第五十話 『呼び方の成れの果て』
結局、同級生の勢いに圧されるがままにコスプレをすることになった包女は、父親の日戸、そして家族のように過ごしている三人、筒音、雀原里麻、ガータック・シュヴァルツァと食卓を共にしながらその事を語った。
「へぇ、包女は吸血鬼の仮装をするんだ」
「吸血鬼…というかこういのなんだけど」
わかりやすいように、同級生からもらっていたデザイン画を見せた。それはフリフリの白と黒を基調にしたゴスロリファッションというものだ。名前を知らなくても、テレビを通して見たことはあった。とてもじゃないが包女自身の感性からはほど遠い。

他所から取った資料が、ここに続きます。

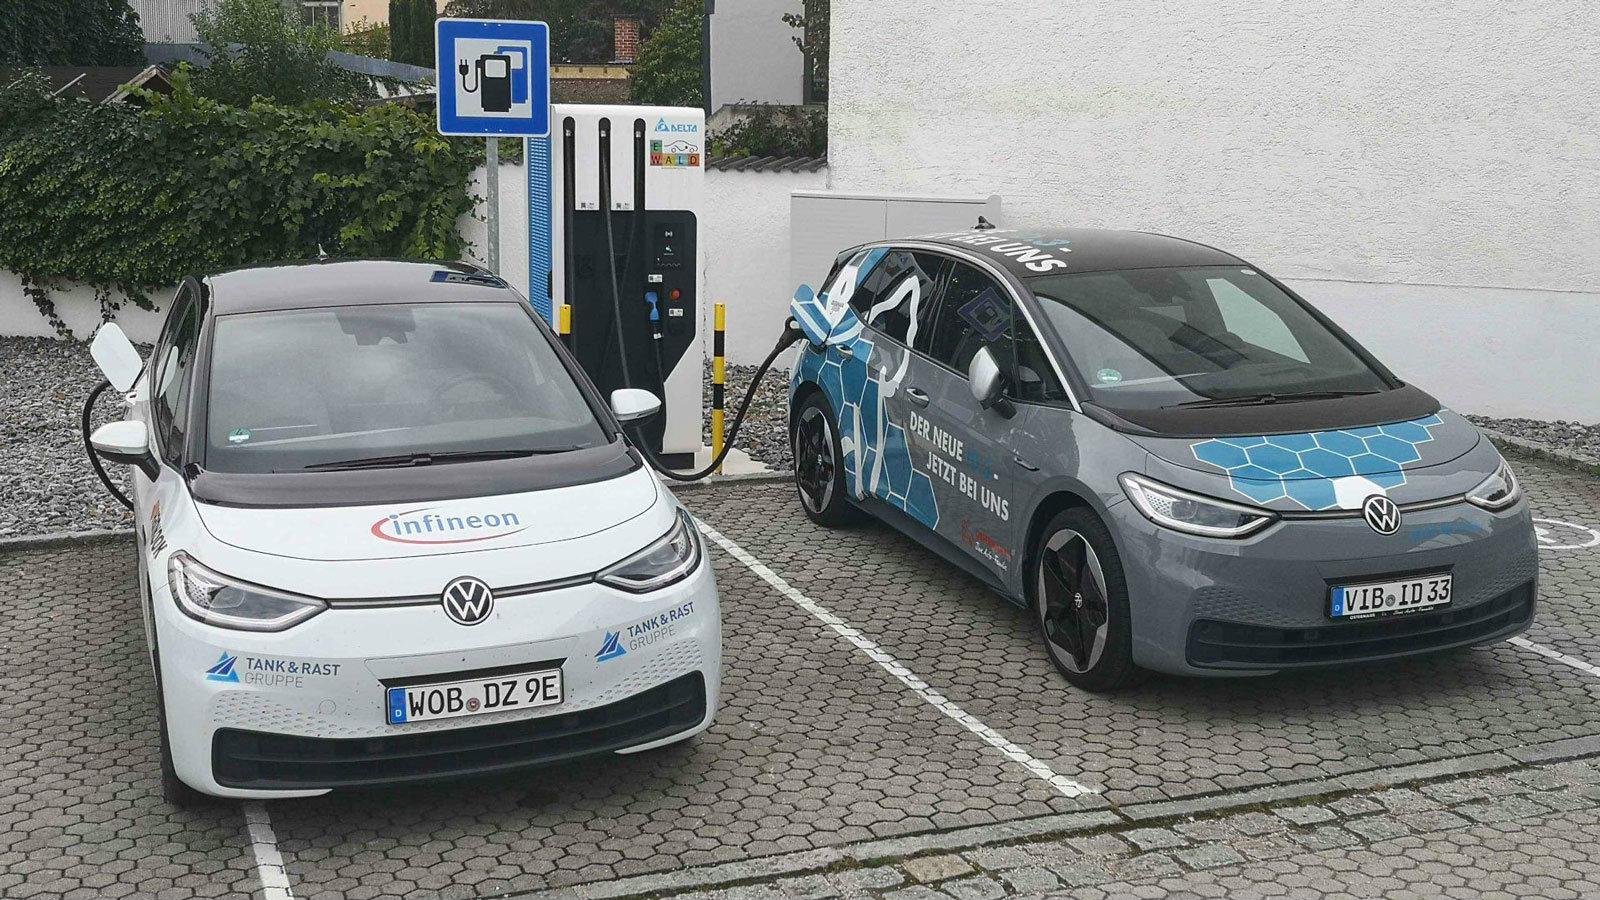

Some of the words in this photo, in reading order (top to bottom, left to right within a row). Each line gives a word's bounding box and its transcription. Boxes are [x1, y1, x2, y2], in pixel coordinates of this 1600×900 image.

[671, 124, 698, 133] DELTA
[651, 155, 698, 166] WALD
[990, 242, 1068, 272] UNS
[909, 410, 930, 441] DER
[933, 425, 964, 462] NEUE
[926, 451, 957, 486] JETZT
[959, 472, 977, 501] BEI
[981, 486, 1009, 521] UNS
[389, 512, 520, 536] infineon
[1345, 587, 1384, 612] VIB
[1399, 582, 1423, 606] ID
[1427, 578, 1451, 602] 33
[627, 616, 660, 638] TANK
[660, 613, 669, 625] &
[669, 601, 695, 622] RAST
[629, 625, 677, 651] GRUPPE
[244, 672, 304, 688] GRUPPE
[246, 657, 285, 674] TANK
[288, 661, 299, 674] &
[301, 662, 341, 676] RAST
[408, 687, 464, 717] WOB
[484, 680, 519, 708] DZ
[525, 675, 559, 703] 9E

それを知ってか知らずか、日戸、里麻、ガタックは、包女とデザイン画を交互にしながら話を聞いていた。
「な、なんか断れない雰囲気になって…別に嫌ってわけじゃないんだけど、恥ずかしいとは思ってて」
「よいではありませんか、きっと、
お似合いですよ」
照れを隠せない包女に、ピシャリと里麻が言う。そうかな、とまだ自信なさげに包女はデザイン画をみて顔を忙しく動かしている。着た時の自分を色々と想像しているのだろう。
そんな娘に、日戸は楽しそうに目を細めた。娘が学生らしい楽しそうな行事に参加することが嬉しいのだ。その事に関しては里麻も同じはずなのだが、どうも少し寂しそうだ。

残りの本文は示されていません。